I think the day is so important for the obvious reasons but also much more. The day puts girls and women in the spotlight for the incredible achievements, courage, strength and inspiration they provide. I also think that the day is a momentum starter for a conversation that has a much bigger picture. The issue of focus this year is ‘gender parity’, which according to the World Economic Forum will take 117 years from now to be achieved. That’s right 117 years, blimey. That’s 117 years for the hardworking women going to work this morning in Sydney to have the same voice. That’s 117 years for the young girls who dream to be doctors, change-makers and nurses in Phnom Penh to have the same opportunities. It is also 117 years for the over 3 billion women in our world to be seen and treated as equal.

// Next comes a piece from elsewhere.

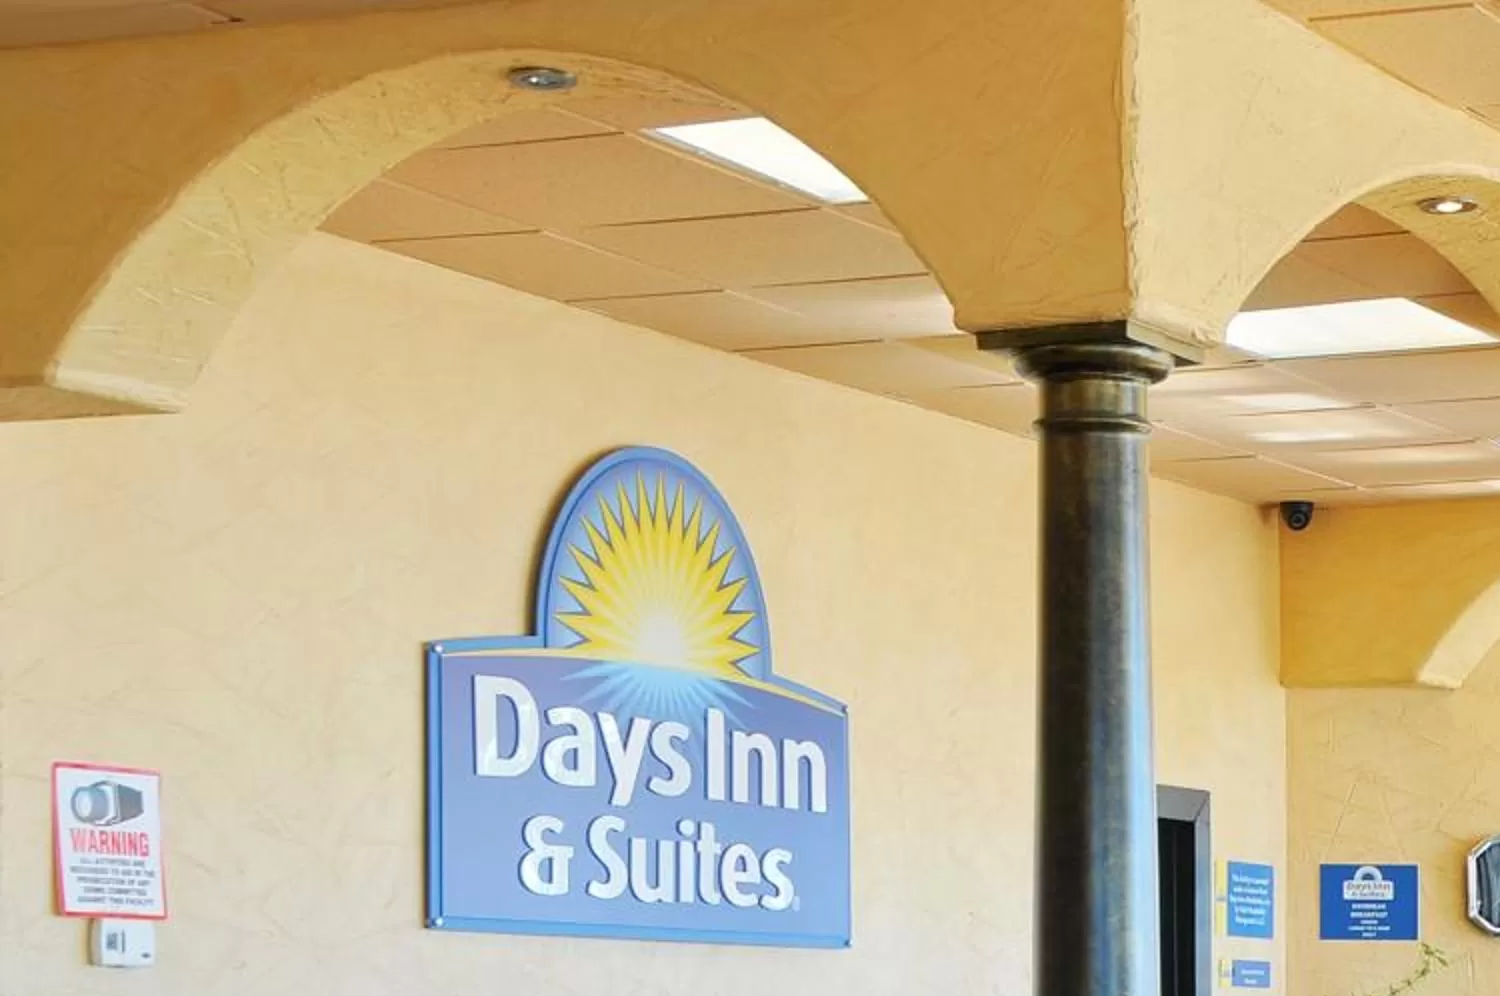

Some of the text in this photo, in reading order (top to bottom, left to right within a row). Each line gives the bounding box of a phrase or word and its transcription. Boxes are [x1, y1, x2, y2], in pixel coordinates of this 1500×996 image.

[473, 674, 827, 814] Days Inn
[70, 828, 149, 857] WARNING
[519, 815, 795, 912] & Suites

International Women’s Day is a platform to continue momentum for an issue that can’t keep slowing down. For too long we have started discussions of Gender Parity but the brakes are applied and momentum stops. This takes the polish off days like today that should otherwise be a catalyst for the acceleration of Gender Parity. The conversation needs to continue beyond this day, this week and even this month. Do we really want to keep returning to the status quo? A position where women are 117 years from being equal and where change is stagnant. One day a year simply isn’t enough.
The vision should be International Women’s Day to recognize the achievements of women and only that. Not the progress that needs to happen for equality to occur. Every day should be International Women’s Day. The conversation should be continued and accelerated every day. Women should be celebrated every day. They should be told and shown this every day. We can only do this by shifting mindsets, biases and the status quo. My pledge is to celebrate women and the gender movement every day of the year. I pledge to raise my voice to change the embedded values in society that continue to hold women back from achieving full potential. I pledge to take the incredible example of leadership and achievement of the women at my workplace, Ashoka India and use it to empower movements of progress. I pledge to use the great example of courage that I see in the 12 young women who are part of the IDEX Global Fellowship this year to continue creating communities that are relentless in progress. I also pledge to use the example of love of millions of motherly figures like my own to remind us that this affection and support is the most important thing for progress.